By Stacy M. Brown
NNPA Senior National
A judge in Florida has finally exonerated the “Groveland Four,” the African American men falsely accused of raping a white teenager in 1949.
“Wow, it’s been a long time coming,” Gerald Threat, the nephew of Walter Irvin, stated in a news conference following the judge’s ruling on Monday, November 22.
“This Thanksgiving, we can have an entirely different atmosphere without this hanging over our head,” Irvin stated.
Carol Greenlee, the daughter of Charles Greenlee, said, “My father was a caring, loving, compassionate person that did not rape anybody.”
Administrative Judge Heidi Davis dismissed the indictments of Ernest Thomas and Samuel Shepherd, both fatally shot not long after the false allegation made by Norma Padget, who was 17 at the time.

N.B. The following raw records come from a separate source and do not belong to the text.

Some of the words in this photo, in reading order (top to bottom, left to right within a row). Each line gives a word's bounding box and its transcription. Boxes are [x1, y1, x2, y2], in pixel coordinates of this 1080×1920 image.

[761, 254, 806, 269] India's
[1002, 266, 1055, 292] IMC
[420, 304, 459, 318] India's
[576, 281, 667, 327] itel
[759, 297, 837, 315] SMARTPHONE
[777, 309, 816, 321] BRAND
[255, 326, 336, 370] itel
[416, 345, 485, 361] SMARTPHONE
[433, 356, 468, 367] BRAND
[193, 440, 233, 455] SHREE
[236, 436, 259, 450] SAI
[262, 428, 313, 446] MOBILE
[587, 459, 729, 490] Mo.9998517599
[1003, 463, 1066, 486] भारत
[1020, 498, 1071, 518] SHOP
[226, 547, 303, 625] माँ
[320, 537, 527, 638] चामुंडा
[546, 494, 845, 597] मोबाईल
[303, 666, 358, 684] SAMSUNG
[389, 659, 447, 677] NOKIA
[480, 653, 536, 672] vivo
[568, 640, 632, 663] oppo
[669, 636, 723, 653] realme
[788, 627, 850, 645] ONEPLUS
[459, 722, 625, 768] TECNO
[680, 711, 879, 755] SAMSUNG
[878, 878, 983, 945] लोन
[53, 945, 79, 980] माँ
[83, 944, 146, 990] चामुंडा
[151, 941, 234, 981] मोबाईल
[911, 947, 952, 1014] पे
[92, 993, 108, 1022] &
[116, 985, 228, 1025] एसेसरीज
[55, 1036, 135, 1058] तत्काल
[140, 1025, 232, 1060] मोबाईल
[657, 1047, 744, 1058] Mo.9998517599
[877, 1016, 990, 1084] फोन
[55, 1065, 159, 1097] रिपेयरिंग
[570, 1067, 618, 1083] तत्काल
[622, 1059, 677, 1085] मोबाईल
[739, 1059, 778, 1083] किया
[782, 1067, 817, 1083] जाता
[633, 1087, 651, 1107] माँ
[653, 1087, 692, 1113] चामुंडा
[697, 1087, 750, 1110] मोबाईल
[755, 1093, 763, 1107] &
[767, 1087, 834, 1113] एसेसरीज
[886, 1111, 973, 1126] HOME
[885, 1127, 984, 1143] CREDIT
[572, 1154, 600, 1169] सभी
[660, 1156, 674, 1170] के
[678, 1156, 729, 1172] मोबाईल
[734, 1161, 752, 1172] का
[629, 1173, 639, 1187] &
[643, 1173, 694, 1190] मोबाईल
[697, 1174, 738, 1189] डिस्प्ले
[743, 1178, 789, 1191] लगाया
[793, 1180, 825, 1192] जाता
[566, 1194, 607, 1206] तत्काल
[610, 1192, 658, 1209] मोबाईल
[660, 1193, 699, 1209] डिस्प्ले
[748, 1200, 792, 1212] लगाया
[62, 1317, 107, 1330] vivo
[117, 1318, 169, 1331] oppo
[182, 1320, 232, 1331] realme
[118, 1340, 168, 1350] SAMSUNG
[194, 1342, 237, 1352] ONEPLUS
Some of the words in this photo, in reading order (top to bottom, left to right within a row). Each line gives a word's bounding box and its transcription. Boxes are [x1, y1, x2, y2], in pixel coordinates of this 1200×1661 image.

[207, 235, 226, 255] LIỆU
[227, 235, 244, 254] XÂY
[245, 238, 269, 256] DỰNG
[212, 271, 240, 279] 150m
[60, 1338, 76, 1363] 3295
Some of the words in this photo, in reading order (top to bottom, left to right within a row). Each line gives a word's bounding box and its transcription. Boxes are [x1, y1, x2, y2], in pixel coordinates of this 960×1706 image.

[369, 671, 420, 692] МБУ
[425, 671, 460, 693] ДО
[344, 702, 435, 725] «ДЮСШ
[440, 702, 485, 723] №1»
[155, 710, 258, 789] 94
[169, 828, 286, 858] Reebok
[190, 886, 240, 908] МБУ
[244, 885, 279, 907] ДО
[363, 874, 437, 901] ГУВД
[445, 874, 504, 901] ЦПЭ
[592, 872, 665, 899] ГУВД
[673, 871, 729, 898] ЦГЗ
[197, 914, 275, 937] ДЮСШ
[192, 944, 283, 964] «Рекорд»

Judge Davis then set aside the convictions and sentences of Charles Greenlee and Walter Irvin.
The men who became known as the Groveland Four ranged from 16 to 26 at the time.
“We followed the evidence to see where it led us, and it led us to this moment,” state attorney Bill Gladson remarked during the news conference.
Following the 1949 accusation, the Ku Klux set fire to numerous Black neighborhoods in the town of Groveland.
The Klan reportedly shot Thomas more than 400 times, killing him. They beat false confessions out of Greenlee, Irvin, and Shepherd.
An all-white jury convicted the men, but legendary NAACP attorney Thurgood Marshall successfully fought for a new trial.
Lake County Sheriff Willis McCall shot and killed Shepherd, claiming he attempted to escape.
During the retrial, jurors still returned a guilty verdict, but Greenlee and Irvin were given life sentences instead of the death penalty.
Officials granted Irvin his release from the state prison in 1968. He died one year later of a heart attack at age 39.
Charles Greenlee, the last surviving member of the Groveland Four, was released on parole in 1962 and moved to Nashville, Tennessee. He died on April 18, 2012, at 78.
Independent investigations determined that all four were innocent, and in 2017, the state issued an apology to their families.
In 2019, Florida Gov. Ron DeSantis granted the men pardons, but family members continued their fight to clear their names fully.